(Re)Conocerse

Ya mero me tocan reuniones de inicio de año escolar. Casi siempre piden que uno diga cómo se llama y se «presente». Me cuesta un mundo hacer eso. ¿Cómo se va a definir uno en menos de un minuto?

Uno de los adagios más útiles, antiguos y difíciles de seguir es «conócete a ti mismo». Teniendo en cuenta que uno es un conjunto complejo y cambiante de factores internos y externos, ese consejo es como el ejercicio para toda la vida. No somos dueños muchas veces de nuestras reacciones emocionales ante estímulos externos. Tenemos una esfera muy pequeña de influencia directa. Nuestros cerebros se quedan dándole vueltas a ciertos pensamientos que cuesta dejar ir.

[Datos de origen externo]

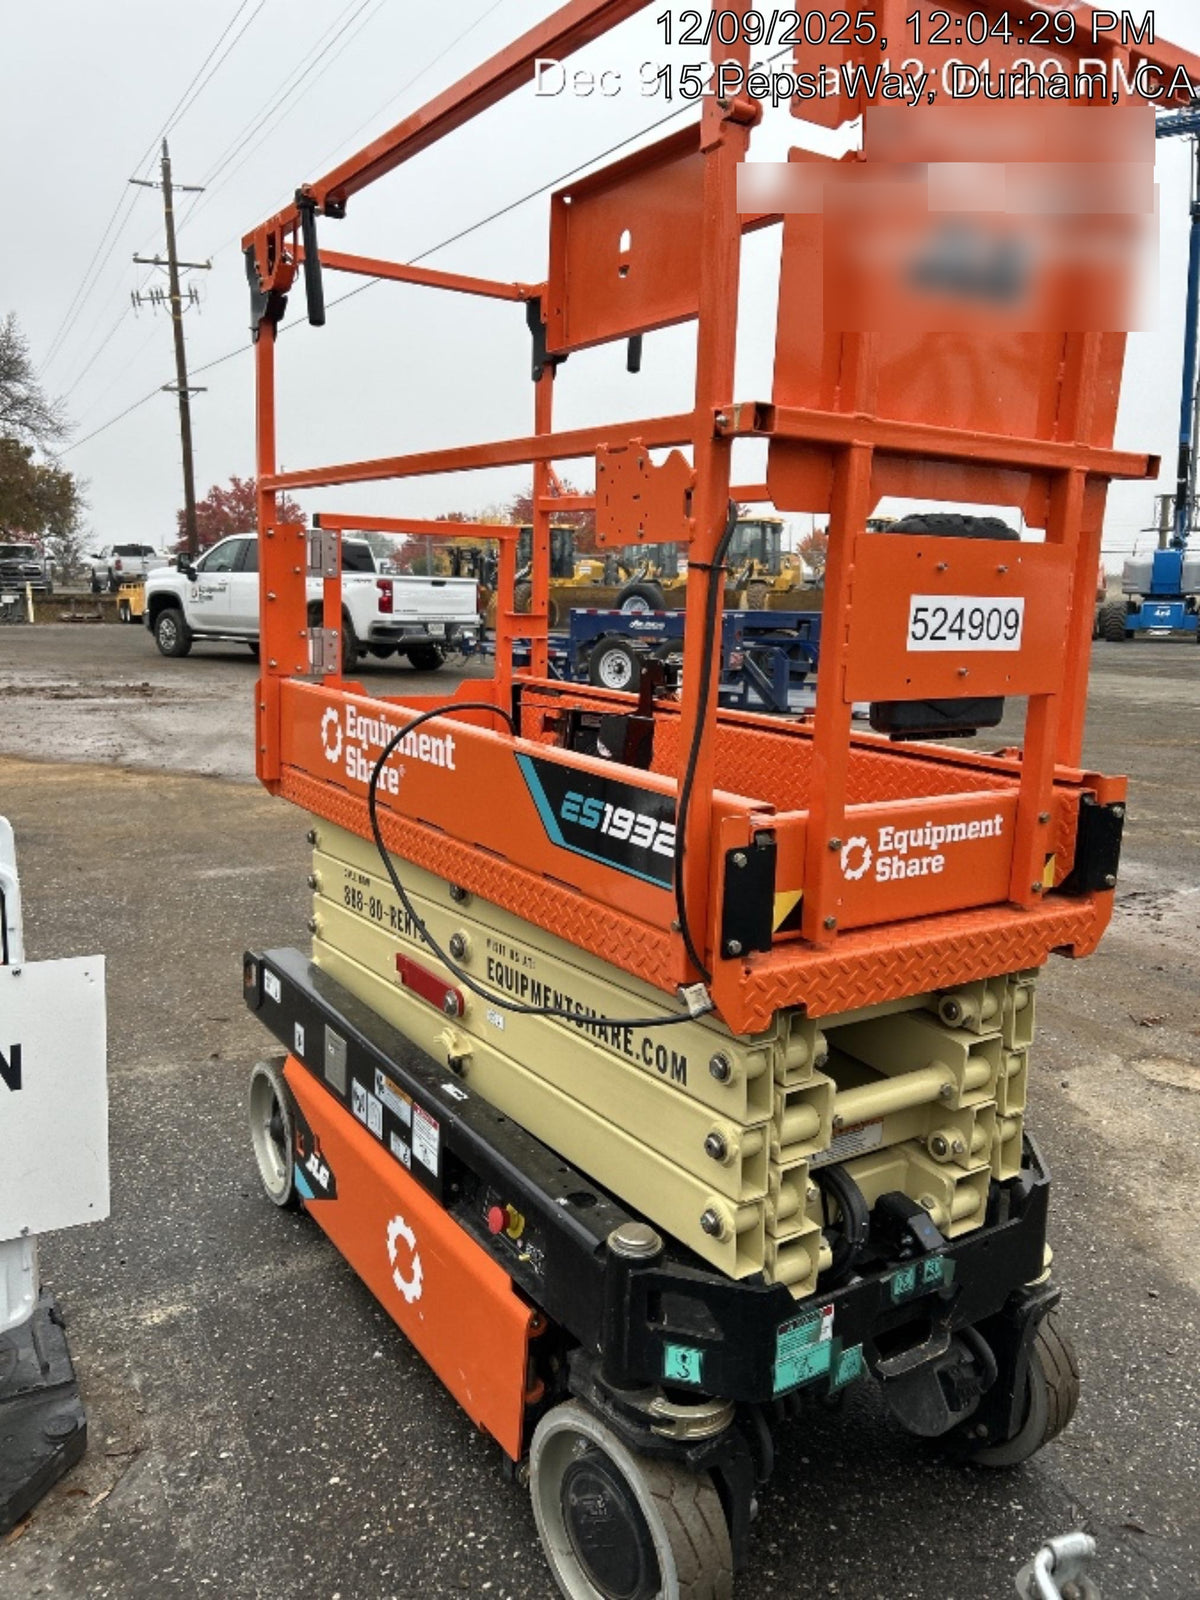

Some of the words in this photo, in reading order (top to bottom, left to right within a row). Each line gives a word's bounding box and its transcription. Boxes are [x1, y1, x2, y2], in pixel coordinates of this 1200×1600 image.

[910, 607, 1020, 642] 524909
[560, 790, 676, 858] ES1932
[877, 813, 1004, 853] Equipment
[875, 853, 945, 883] Share
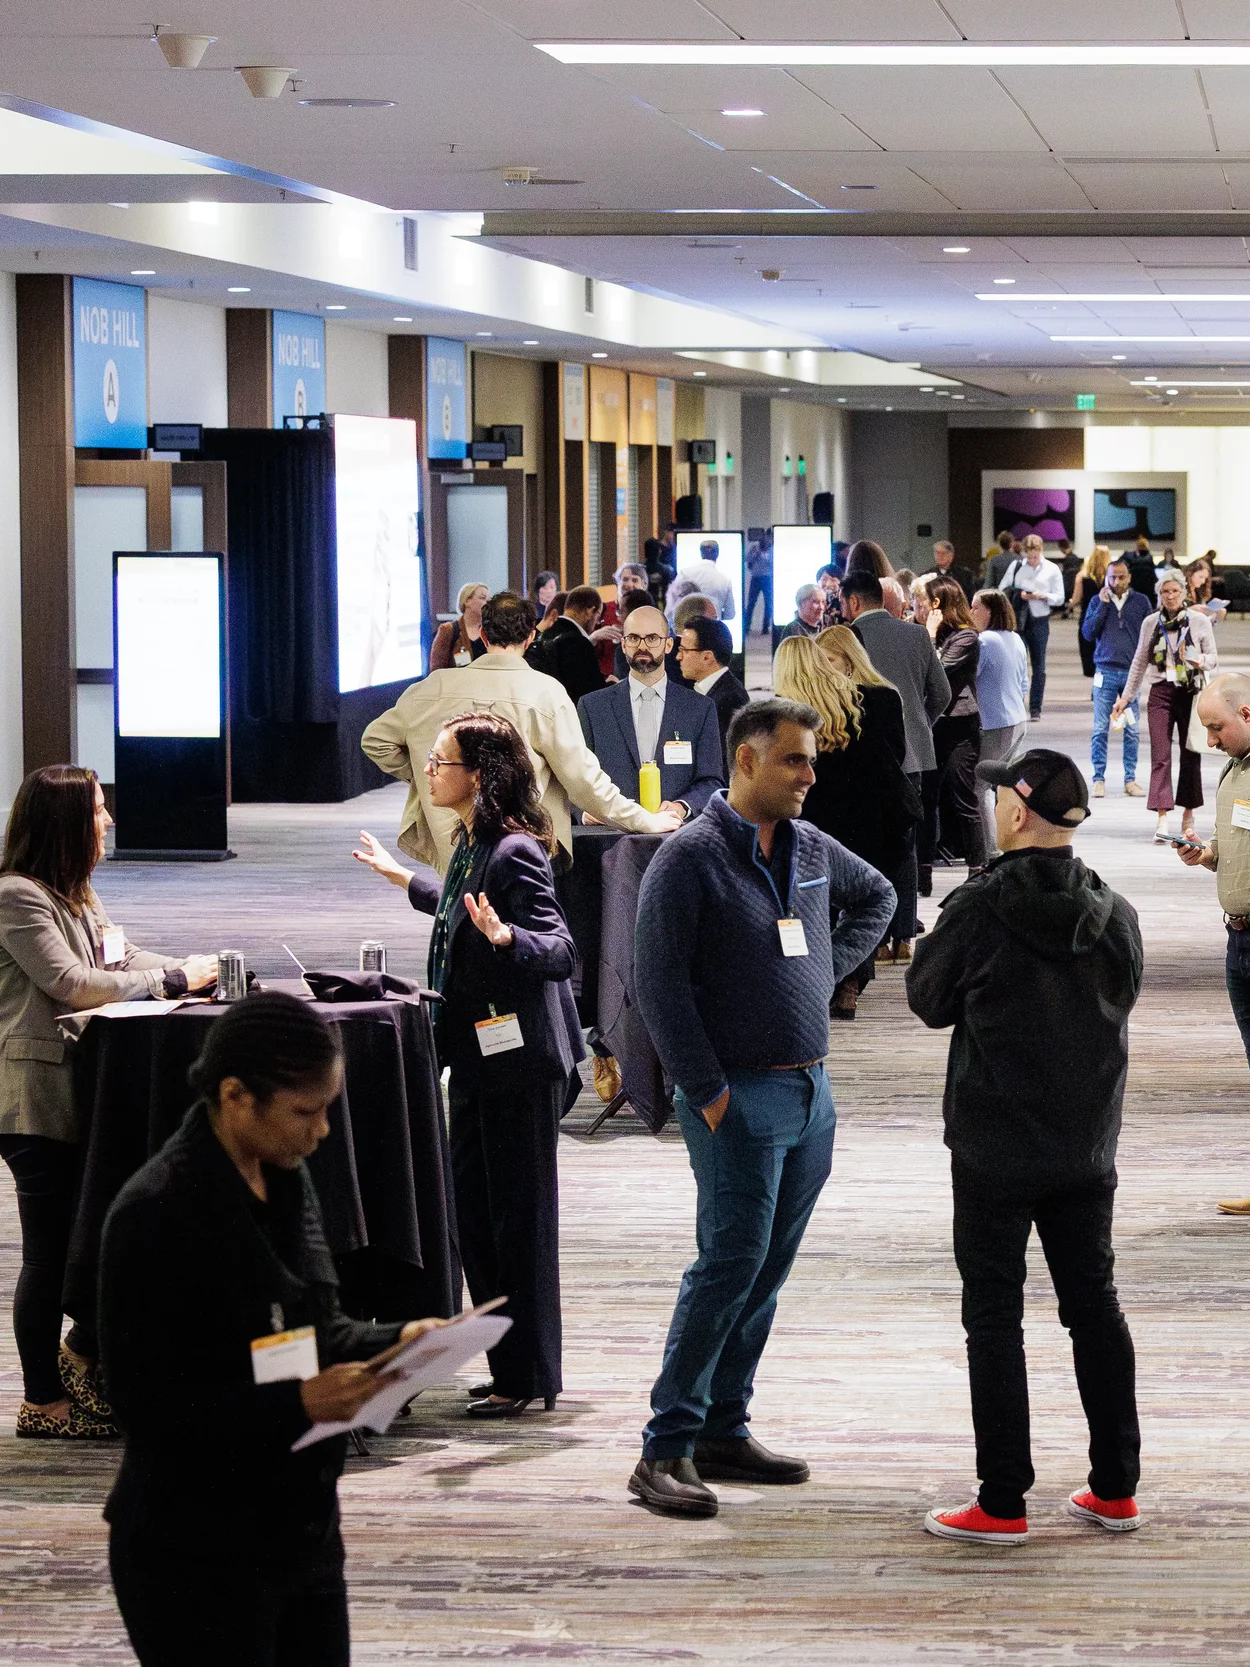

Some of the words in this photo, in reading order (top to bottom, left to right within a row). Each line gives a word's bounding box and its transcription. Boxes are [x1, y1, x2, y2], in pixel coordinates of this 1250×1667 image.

[80, 305, 109, 345] NOB
[112, 310, 140, 348] HILL
[278, 332, 300, 367] NOB
[301, 337, 321, 369] HILL
[106, 372, 116, 408] A

Autodefinirnos debería de ser un trabajo que nos dure toda la vida. Lo que pasa es que es complicado verse a uno mismo con suficiente objetividad como para aceptar todo lo que uno es (y no). A veces la gente externa encuentra cosas que uno proyecta, con las que tal vez ni nos identificamos.

Hay muchas herramientas para lograr esa «iluminación»: terapia, escribir, meditar. Aún así, no sé si uno llega hasta el verdadero núcleo.

Para mientras, iré pensando qué voy a decir mañana que me toque presentarme.